Tab wrote:Freewill is macroscopic quantum coherence suspending the collapse of superpositions long enough for the brain to get it's shit together and effect the outcome.
Not sure I entirely believe it, but it sure sounds cool.
At any rate, I'll settle for 'unpredictable will', which kicks determinism out the window. Kinda.
Spiritual development can also be seen as a process of gaining increased autonomy. For example, many Eastern spiritual traditions, such as Buddhism or yoga, place great emphasis on self-discipline and self-control: control of our own behaviour, so that we no longer cause harm to others; control of our desires, so that we no longer lust after physical pleasures; control of our thoughts, so that we can quieten the mind through meditation, and so on. In some traditions, spiritual development is seen as a process of ‘taming’ the body and mind, and this is, of course, only possible through intense self-discipline, requiring self-control.
Although it can sometimes occur suddenly and spontaneously, the deep serenity and intensified awareness of spiritual awakening is usually the culmination of a long process of increasing our innate quotient of personal freedom to the point where our minds become the dominant influence. When spiritually awakened people are referred to as ‘masters’, this could easily refer to them as being masters of themselves.
Neuroscience cannot find the self (even less the free agent) for two reasons.
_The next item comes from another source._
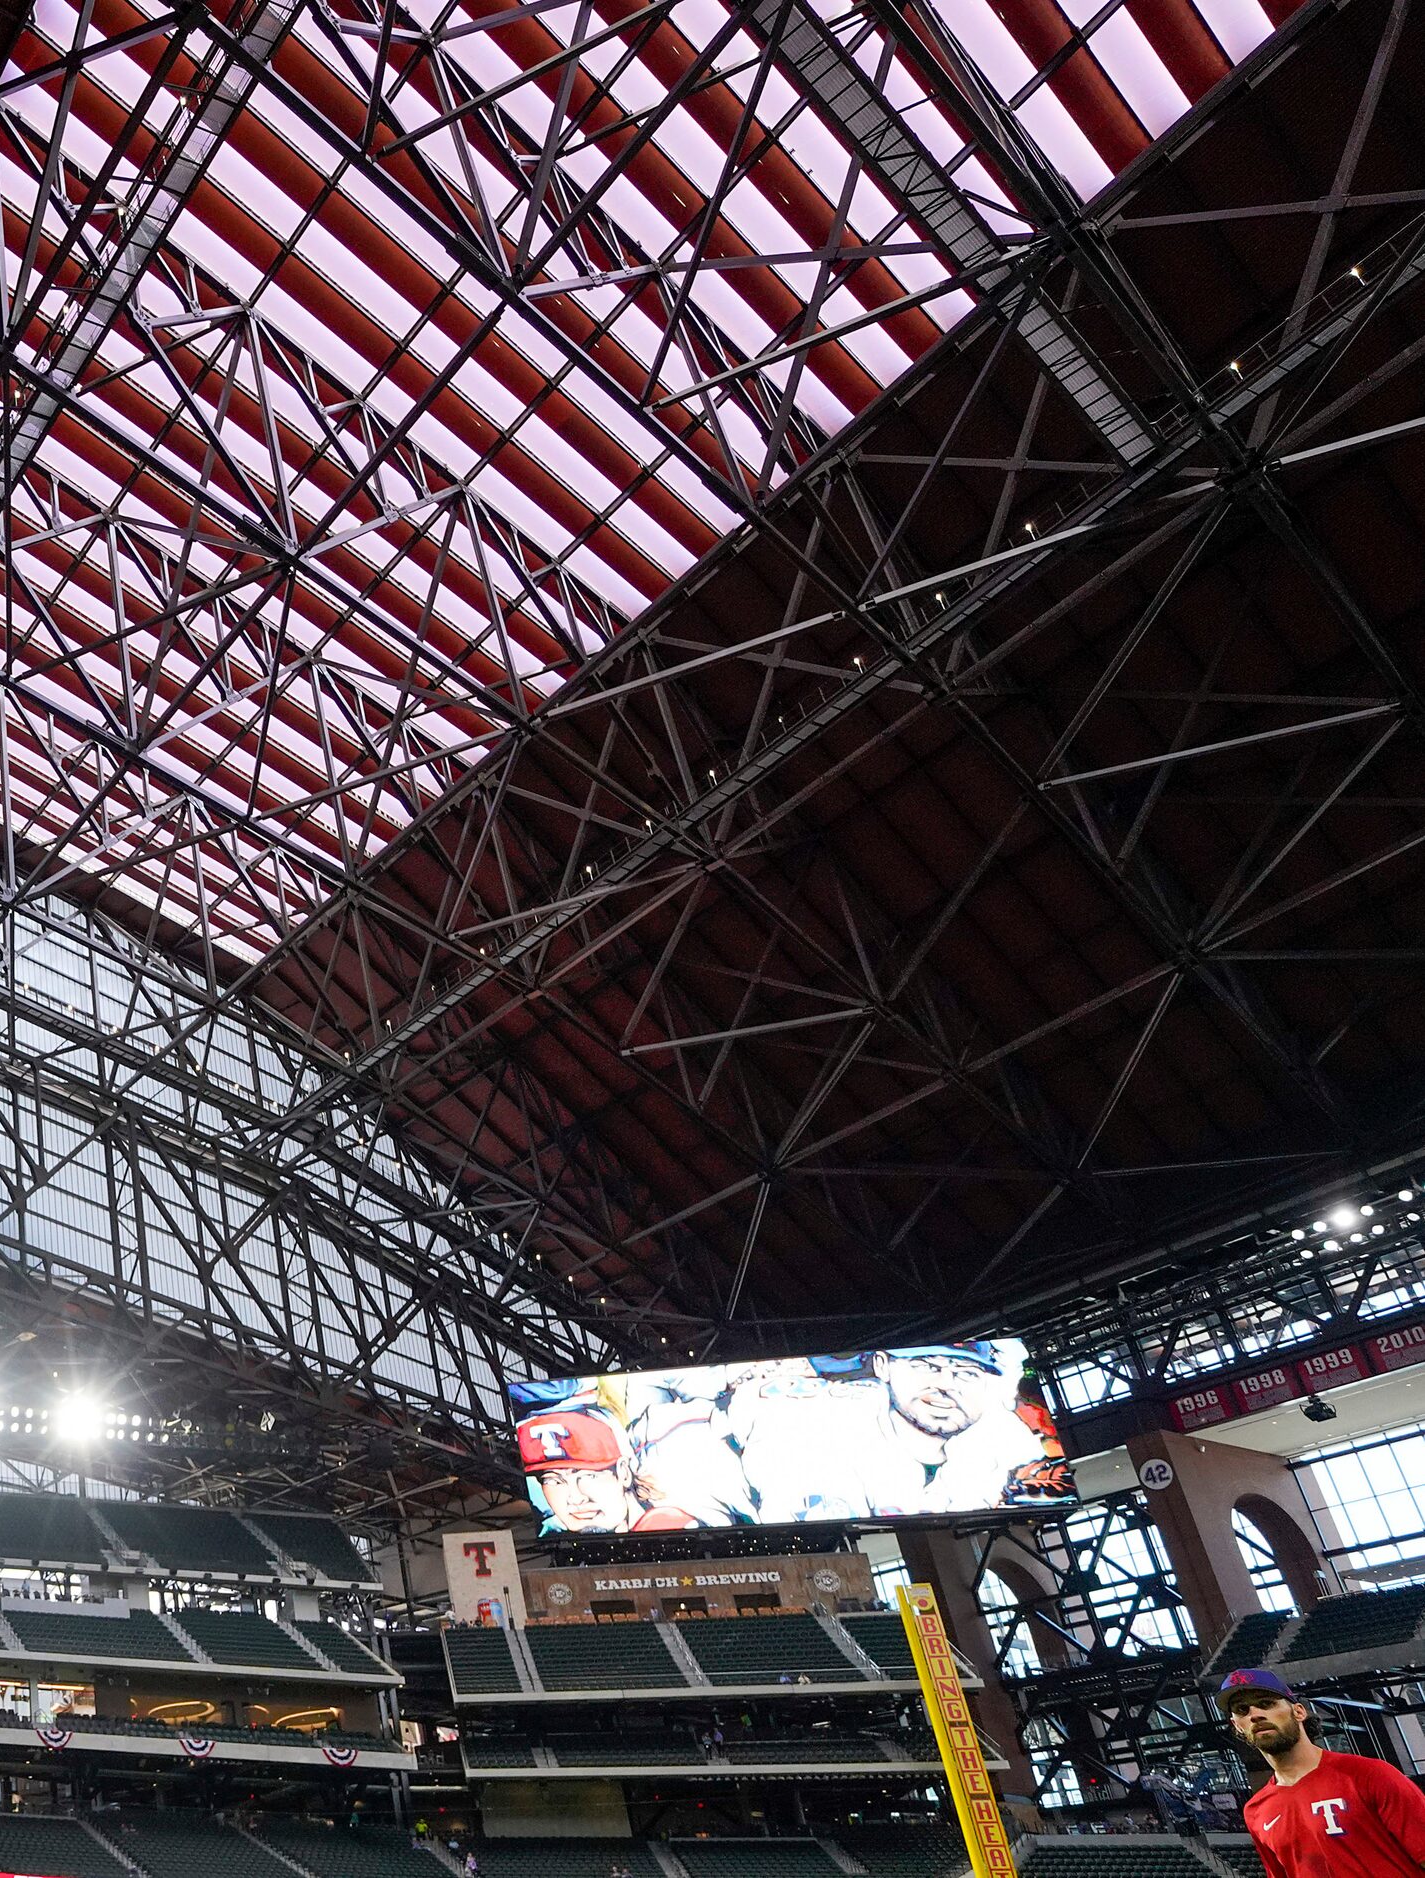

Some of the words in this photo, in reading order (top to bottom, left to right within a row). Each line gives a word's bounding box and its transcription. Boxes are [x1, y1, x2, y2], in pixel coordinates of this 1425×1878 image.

Firstly, it doesn’t examine the person but the isolated nervous system and it is an unproven and highly implausible assumption that the person really is the isolated nervous system.
Secondly, it approaches the nervous system from the impersonal standpoint of physical chemistry so that the brain boils down to sets of semi-permeable membranes along which electrochemical impulses propagate. While the brain is a necessary condition of the self (the beheaded are pretty selfless), we should not expect to find the self in a stand-alone bit of brain but in a brain that is part of a body environed by the natural world and a massively complex, historically evolved, culture. Uprooting the brain from all this is a sure-fire way of mislaying the self.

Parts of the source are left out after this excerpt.